Autour de la figure de Franz Kafka (1883-1924), Laurent Seksik dépeint le parcours de trois personnages qui ont partagé la vie de l’auteur, pour quelques années, quelques mois ou quelques instants

Les sorties, coup sur coup, depuis la rentrée littéraire de septembre, du Magicien (Colm Tóibin, Grasset), du Vingtième siècle (Aurélien Bellanger, Gallimard) et Franz Kafka ne veut pas mourir (Laurent Seksik, Gallimard), trois romans évoquant les parcours de Thomas Mann (1875-1955), Walter Benjamin (1892-1940) et Franz Kafka (1883-1924), nous interrogent sur la fascination de leurs biographes pour ces auteurs qui ont observé et subi la montée des périls en Europe.
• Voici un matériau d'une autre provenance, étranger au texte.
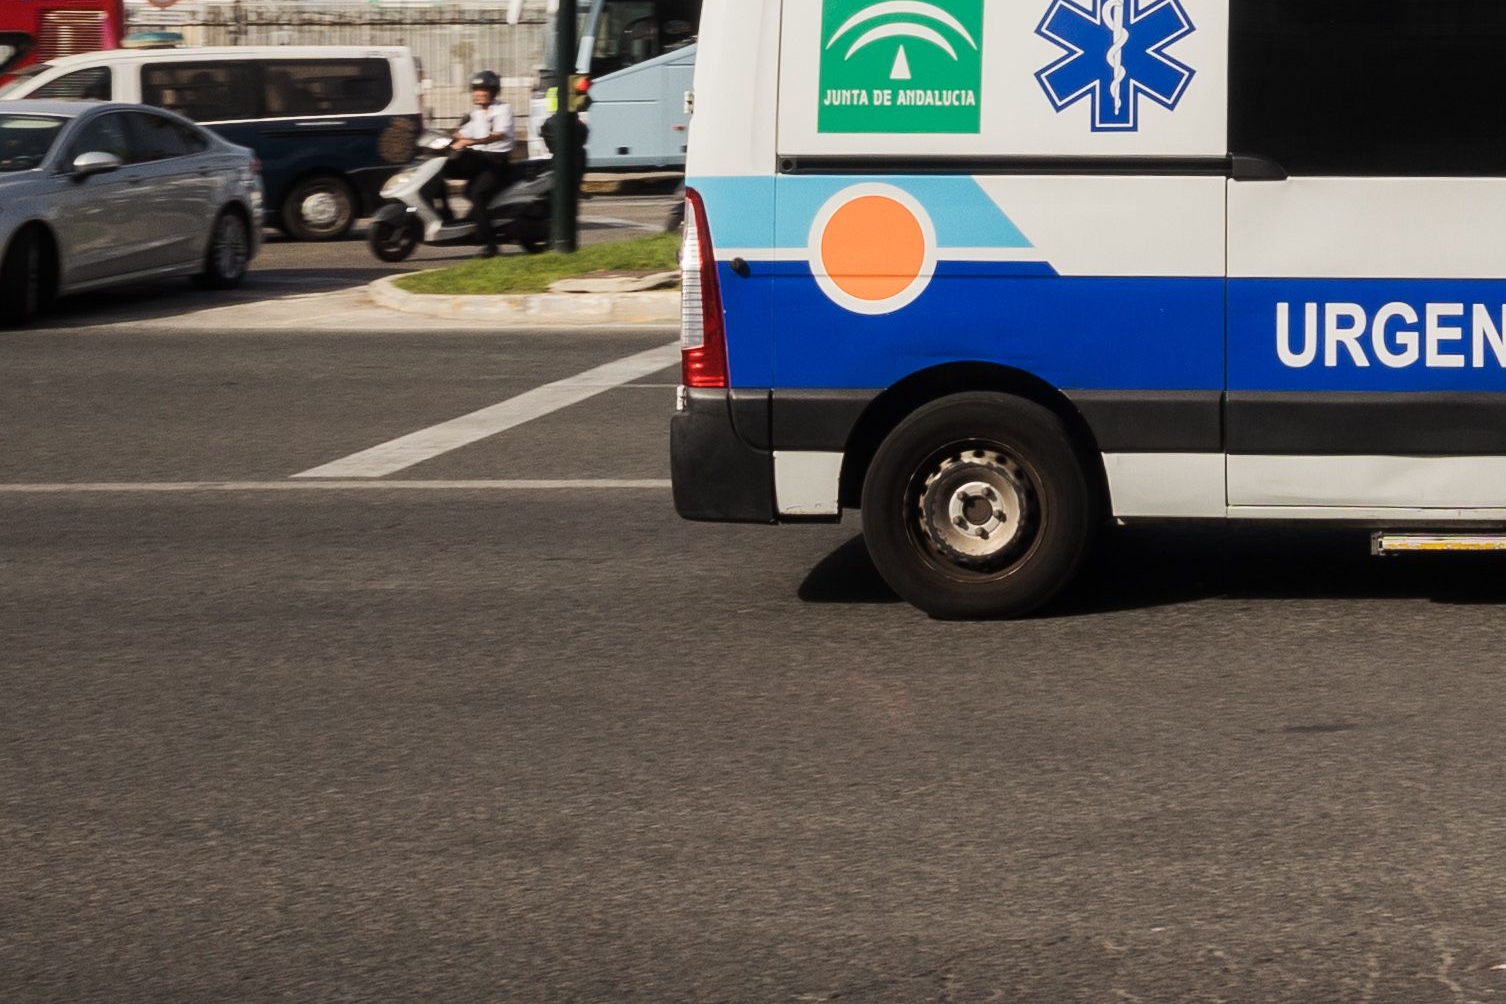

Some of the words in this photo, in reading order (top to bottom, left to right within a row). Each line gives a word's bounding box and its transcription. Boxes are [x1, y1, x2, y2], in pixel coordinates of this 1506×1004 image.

[823, 89, 869, 106] JUNTA
[872, 89, 893, 106] DE
[896, 89, 976, 107] ANDALUCIA
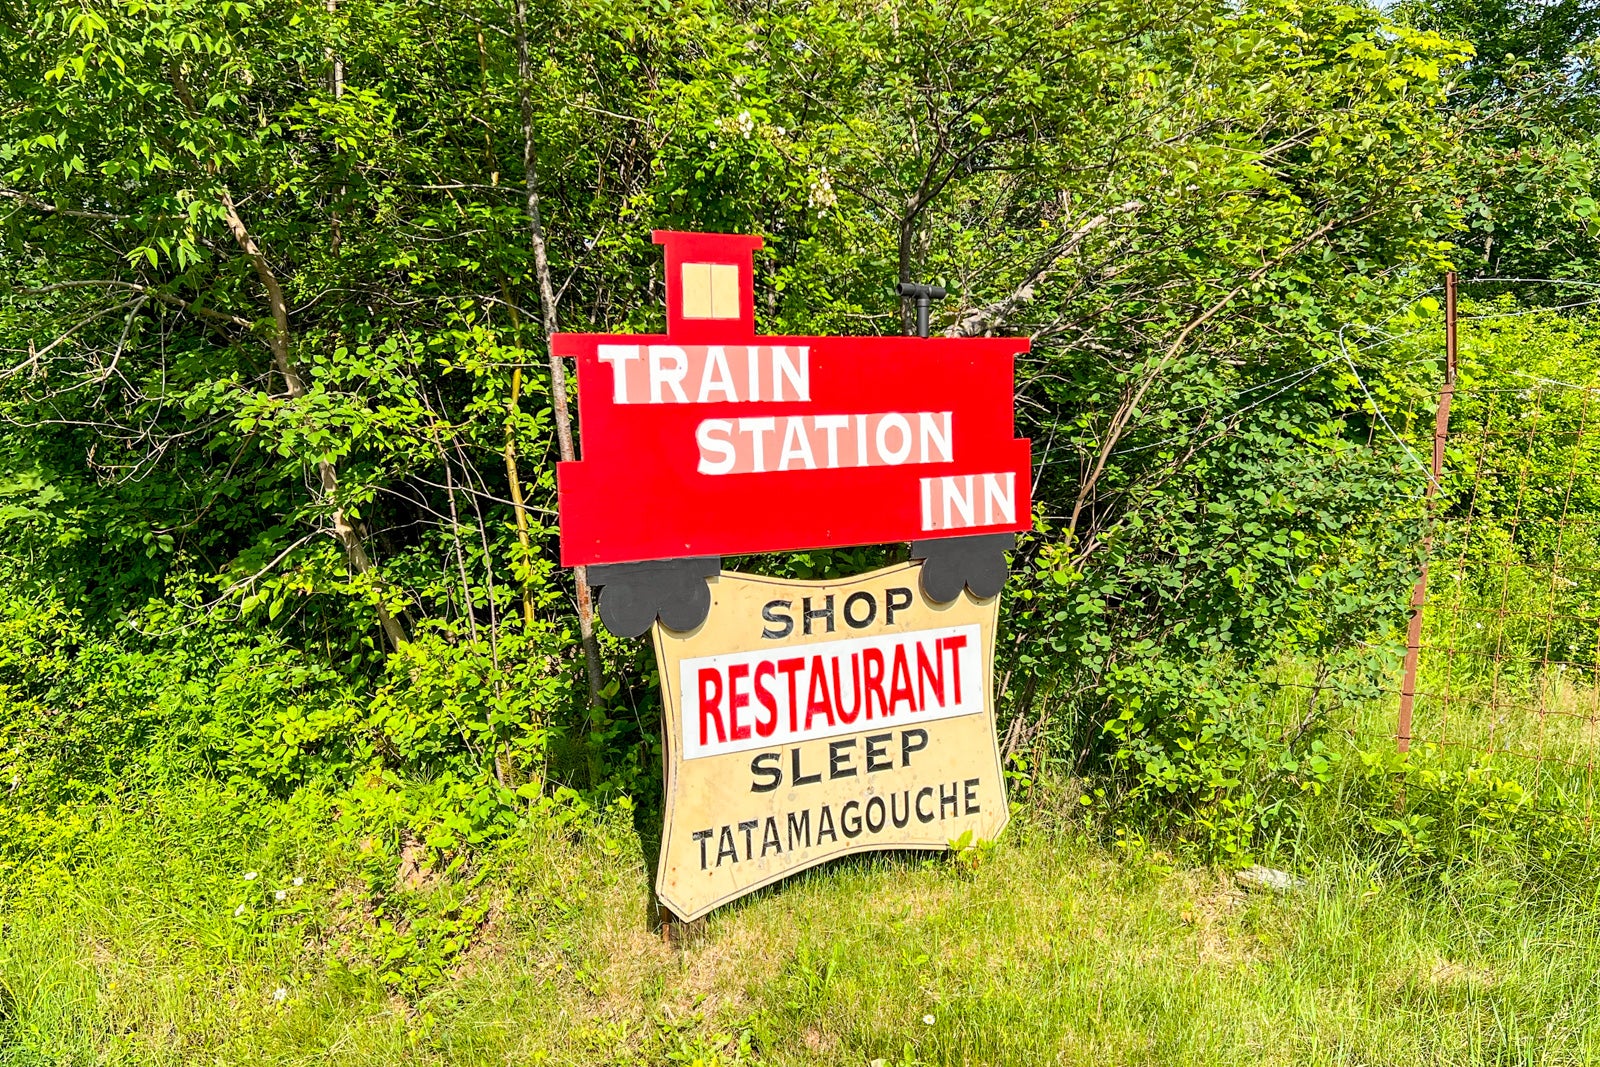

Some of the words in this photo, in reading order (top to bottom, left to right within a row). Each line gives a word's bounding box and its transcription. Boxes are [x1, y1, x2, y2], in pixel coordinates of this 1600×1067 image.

[597, 344, 811, 404] TRAIN
[696, 411, 953, 475] STATION
[920, 472, 1016, 531] INN
[761, 586, 913, 639] SHOP
[698, 634, 968, 746] RESTAURANT
[750, 728, 929, 793] SLEEP
[692, 778, 981, 871] TATAMAGOUCHE
La question est d’autant plus légitime concernant Seksik, qui a déjà écrit sur Albert Einstein (1879-1955) et Stefan Zweig (1881-1942). 

Mis bout à bout, chacun de ces romans semble être la préquelle de l’autre, dans la mesure où nous retrouvons les mêmes personnages, tour à tour principaux ou secondaires, pris dans le même contexte, celui de l’entre-deux-guerres. 
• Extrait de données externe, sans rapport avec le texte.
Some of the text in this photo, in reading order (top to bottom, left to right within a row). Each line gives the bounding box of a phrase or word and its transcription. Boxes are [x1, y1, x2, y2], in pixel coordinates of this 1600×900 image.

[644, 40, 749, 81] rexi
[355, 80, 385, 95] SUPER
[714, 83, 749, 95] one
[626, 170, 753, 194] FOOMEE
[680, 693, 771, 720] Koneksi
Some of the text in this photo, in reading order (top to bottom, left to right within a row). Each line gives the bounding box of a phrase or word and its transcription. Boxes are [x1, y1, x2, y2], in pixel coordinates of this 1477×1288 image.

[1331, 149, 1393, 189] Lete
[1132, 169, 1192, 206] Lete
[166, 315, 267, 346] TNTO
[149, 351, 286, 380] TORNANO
Après Le Cas Eduard Einstein, Seksik mêle une fois encore la grande histoire et le tragique de vies façonnées par l’empreinte d’un géant. C’est moins la vie de Kafka qui nous est présentée ici mais son ombre portée sur celle d’Ottla, sa sœur, Dora, son épouse, et Robert Klopstock, son compagnon de sanatorium – la tuberculose étant le fil rouge des trois romans en question. Ces êtres verront leur vie bouleversée à jamais par cette rencontre, imposée par les lois de la biologie ou fruit du plus pur et du plus heureux hasard (l’amour, l’amitié). 

Tous les trois connaîtront les persécutions, de l’Allemagne nazie et de la Russie soviétique, l’exil à travers l’Europe, seront jugés trop Juif, trop Polonais, trop Allemand ou trop trotskiste. Par-delà sa mort, Kafka accompagnera leur existence, souvent dans le pire, parfois dans le meilleur, dans un monde qu’il avait prophétisé, notamment dans Le Château, L’Amérique et Le Procès – l’évocation de ce dernier, roman posthume édité par l’ami Max Brod, est l’occasion d’une scène savoureuse entre Dora et un agent du NKVD. 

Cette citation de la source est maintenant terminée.